== DATASET RECORDS ==
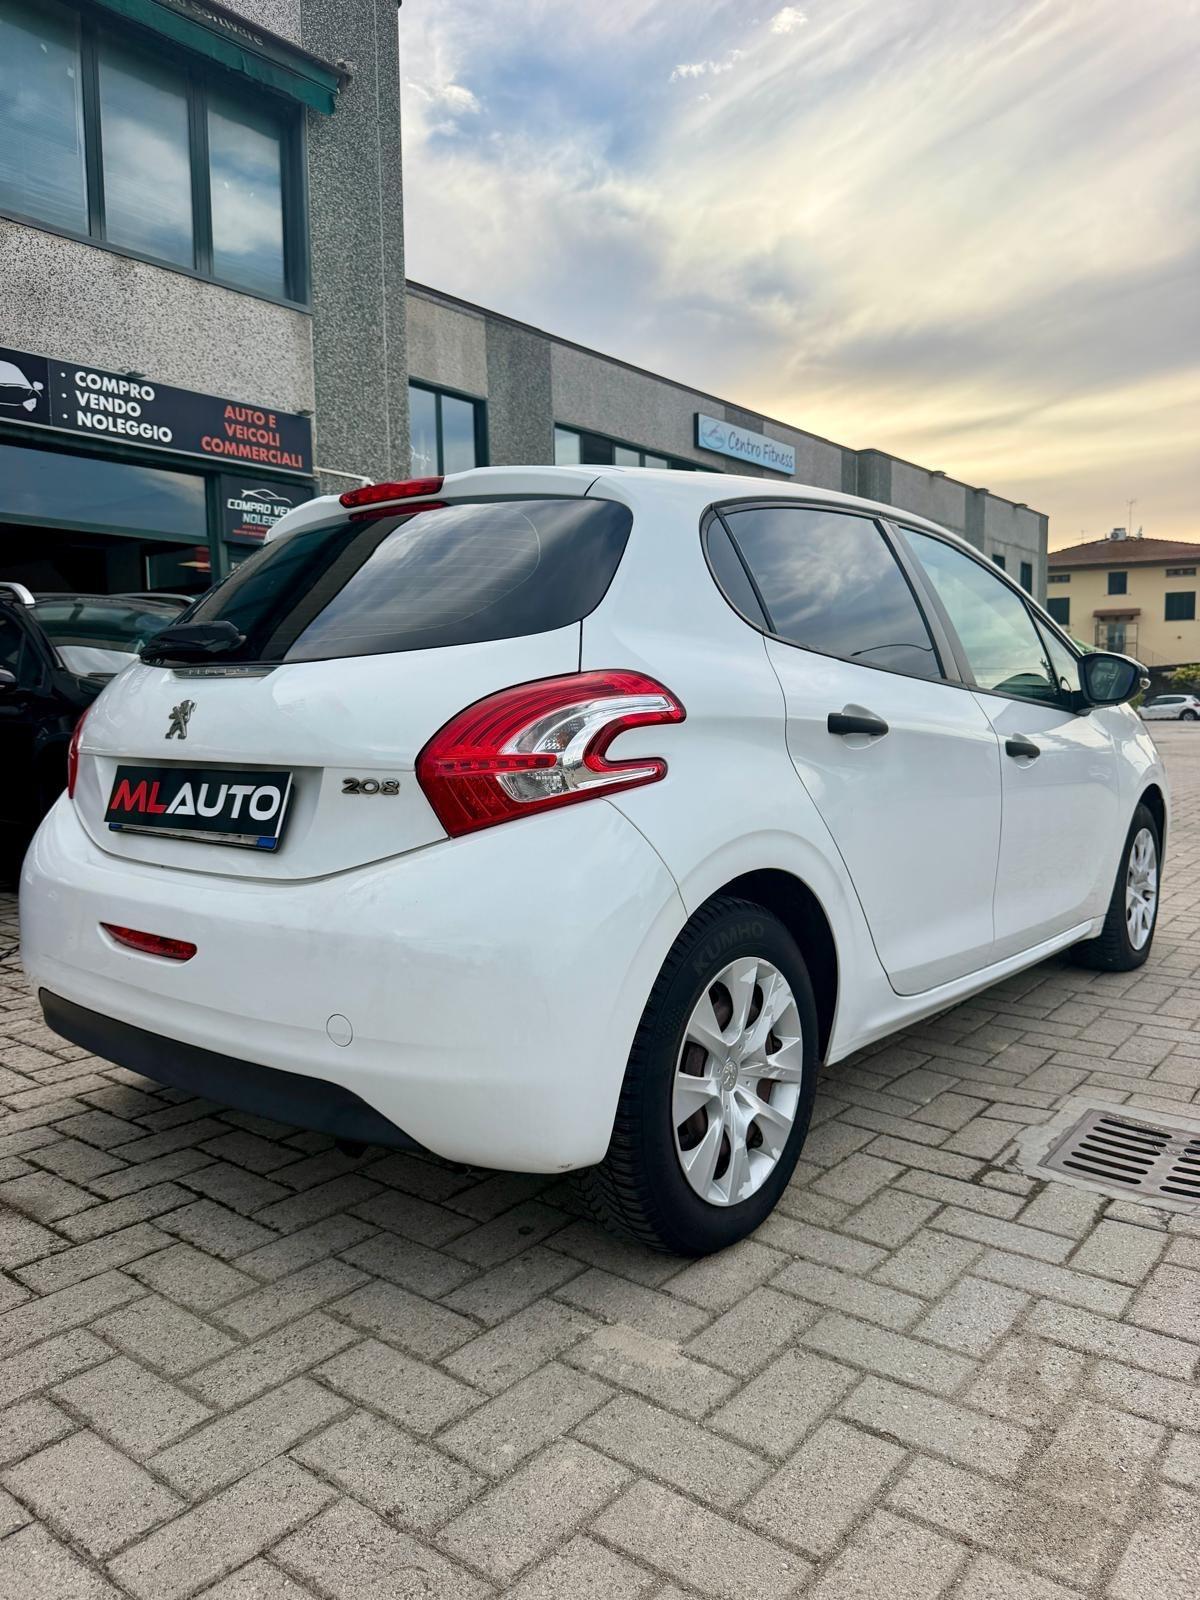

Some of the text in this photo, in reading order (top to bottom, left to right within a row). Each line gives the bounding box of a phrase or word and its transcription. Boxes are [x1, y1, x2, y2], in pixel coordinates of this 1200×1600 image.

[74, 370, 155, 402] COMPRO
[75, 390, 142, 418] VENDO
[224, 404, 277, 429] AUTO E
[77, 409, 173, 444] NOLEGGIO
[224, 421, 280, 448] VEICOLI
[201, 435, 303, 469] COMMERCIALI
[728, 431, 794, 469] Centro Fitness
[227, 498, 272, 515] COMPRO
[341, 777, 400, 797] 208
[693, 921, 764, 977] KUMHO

== EXERCISE BRIEF ==
In the answer, the entries must appear exactly as above, without the images.

== TASK RESULT ==
Some of the text in this photo, in reading order (top to bottom, left to right within a row). Each line gives the bounding box of a phrase or word and its transcription. Boxes are [x1, y1, x2, y2], in pixel coordinates of this 1200×1600 image.

[74, 370, 155, 402] COMPRO
[75, 390, 142, 418] VENDO
[224, 404, 277, 429] AUTO E
[77, 409, 173, 444] NOLEGGIO
[224, 421, 280, 448] VEICOLI
[201, 435, 303, 469] COMMERCIALI
[728, 431, 794, 469] Centro Fitness
[227, 498, 272, 515] COMPRO
[341, 777, 400, 797] 208
[693, 921, 764, 977] KUMHO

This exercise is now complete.